Although Causeway opens in an unassuming manner, from the get-go it tells us there’s much more than meets the eye. Initially, we see the back of Lynsey’s (Jennifer Lawrence) head as she waits for someone to pick her up. When her ride arrives, we learn something new about her, as we see an officer push her in a wheelchair. Soon she’s taken to a facility where people just want to help her feel better. Eventually, we learn, that Lynsey suffered a severe brain injury that forced her to come home from a tour in Afghanistan. The problem is, home no longer feels like that for her.

As Lynsey adjusts to this world she barely recognizes, in hopes she will soon be redeployed, she meets James (Brian Tyree Henry), a kind mechanic who recognizes a fellow spirit in need when she arrives in his workshop with a broken truck. Over the course of the film, the lonely strangers will try their best to put their demons aside and establish a friendship triggered by trauma, but materialized through the terrifying process of creating intimacy. 

In her work, Lila Neugebauer, who is making her feature film directorial debut with Causeway, is no stranger to establishing profoundly moving connections between strangers. Over the last decade, she’s amassed an impressive stage resume having directed world premieres by playwrights Annie Baker, Zoe Kazan, Sarah DeLappe (The Wolves movie next, please?), and Branden Jacobs-Jenkins, not to mention the genius pieces she’s created along with The Mad Ones, an inventive ensemble-driven troupe that creates magnificent pieces about the mundane.

In Causeway, Neugebauer, who is magnificent at helming larger-than-life ensembles, focuses on a handful of characters, most of whom never share scenes together. Instead, the director studies one on one interactions in order to reveal the many roles one person can inhabit in the span of a day. She extracts performances from her actors that are terribly moving at times, Henry and Lawrence share manos a manos, that pierce the soul in a quiet, nuanced way. While so much of the art centered on the lives of military officers recurs to jingoism, Neugebauer (and the screenplay by Ottessa Moshfegh, Luke Goebel, and Elizabeth Sanders) are more interested in getting to the core of their characters’ humanity, and their achingly honest need to connect.

We spoke with Neugebauer about the worldview she explores in Causeway, working with one of the biggest movie stars in the world, and how whether on stage or screen, she never fails to be in utter awe of the world around her.

The Film Stage: I apologize in advance for unleashing a bunch of nerdy theatrical questions on you, but I’ve seen pretty much every play you directed in NYC since 2012 and am a huge admirer of your work. I was fascinated while watching Causeway because of the contrast it made with the plays you’ve directed—particularly your work with The Mad Ones, through which you highlight the humor and absurdity of the mundane. In plays like Miles for Mary, we see people being hilarious because they’re reacting and responding to things like bureaucracy, things we recognize in our world instantly. Meanwhile, Causeway made me feel like I was watching Jennifer Lawrence in The Man Who Fell to Earth, as we see Lynsey become almost like an alien figure trying to make sense of the world around her. In fact, you shoot the world around her in a way that some things we know initially seem unrecognizable. Was film the ideal medium for you to explore the world in this alien way?

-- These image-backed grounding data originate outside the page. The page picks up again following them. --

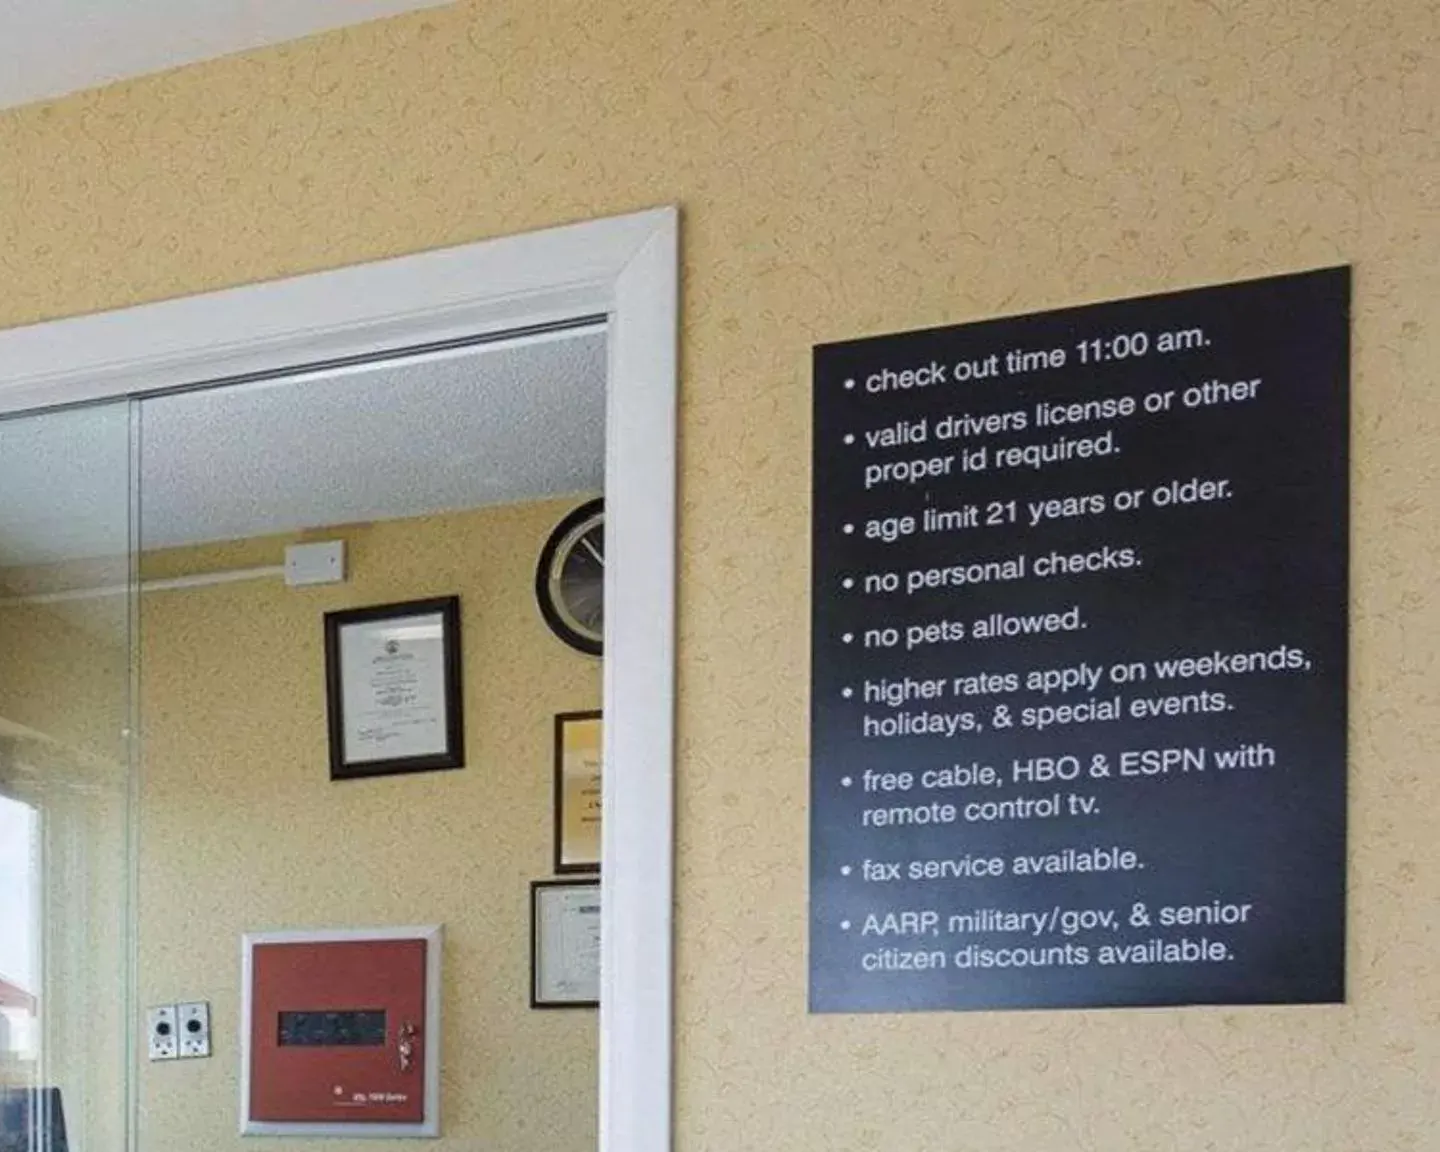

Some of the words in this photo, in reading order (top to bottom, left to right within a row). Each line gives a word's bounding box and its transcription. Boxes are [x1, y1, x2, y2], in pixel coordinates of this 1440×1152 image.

[865, 361, 946, 393] check
[953, 354, 999, 381] out
[1006, 348, 1066, 374] time
[1076, 332, 1149, 363] 11:00
[1156, 328, 1211, 352] am.
[865, 419, 927, 448] valid
[935, 411, 1028, 440] drivers
[1036, 396, 1136, 426] license
[1143, 390, 1175, 413] or
[1183, 379, 1261, 407] other
[865, 456, 955, 489] proper
[962, 447, 986, 472] id
[996, 430, 1120, 469] required.
[864, 516, 916, 543] age
[923, 505, 979, 532] limit
[986, 500, 1016, 525] 21
[1028, 494, 1106, 526] years
[1114, 490, 1145, 511] or
[1152, 478, 1232, 506] older.
[865, 573, 899, 593] no
[907, 555, 1025, 595] personal
[1033, 546, 1142, 576] checks.
[864, 628, 899, 648] no
[907, 620, 965, 650] pets
[972, 606, 1087, 639] allowed.
[864, 677, 947, 707] higher
[954, 672, 1019, 695] rates
[1026, 662, 1103, 694] apply
[1109, 662, 1146, 683] on
[1154, 645, 1311, 679] weekends,
[863, 711, 982, 737] holidays,
[992, 704, 1013, 729] &
[1021, 696, 1121, 731] special
[1130, 690, 1234, 718] events.
[862, 769, 914, 792] free
[921, 762, 1003, 789] cable,
[1012, 755, 1080, 783] HBO
[1089, 753, 1111, 778] &
[1120, 747, 1205, 776] ESPN
[1214, 743, 1275, 769] with
[862, 802, 957, 827] remote
[964, 793, 1060, 822] control
[1068, 793, 1100, 815] tv.
[862, 859, 901, 881] fax
[908, 855, 1004, 880] service
[1012, 846, 1144, 875] available.
[1129, 902, 1151, 927] &
[1159, 900, 1252, 926] senior
[861, 947, 946, 972] citizen
[954, 943, 1089, 969] discounts
[1097, 938, 1234, 965] available.

Lila Neugebauer: I’m very moved by the connections that you just drew, which hadn’t occurred to me. I love the way you just described the movie as an alien story. I love that. What the connection you’re drawing reveals to me—and I think this is occurring to me for the first time—that I think across the board, regardless of medium, I am interested in trying to take a look at the more mundane realities of pedestrian, everyday life in a way that allows me to question assumptions I might be making about daily life, or invites me to reexamine something I might be in the process of taking for granted. And I think there’s something about the connection you’ve just drawn between the way with The Mad Ones through the accumulation of very particular detail. And also, sometimes a kind of subtly absurdist lens, but I hope a grounded comedy that has sometimes-absurdist dimensions—that’s one way of expressing that project. Again, the way you’ve described the film, it really never occurred to me, and yet it resonates with me. So I think there is a kind of through line there that, yeah, I don’t know that it even occurred to me in that way until now. 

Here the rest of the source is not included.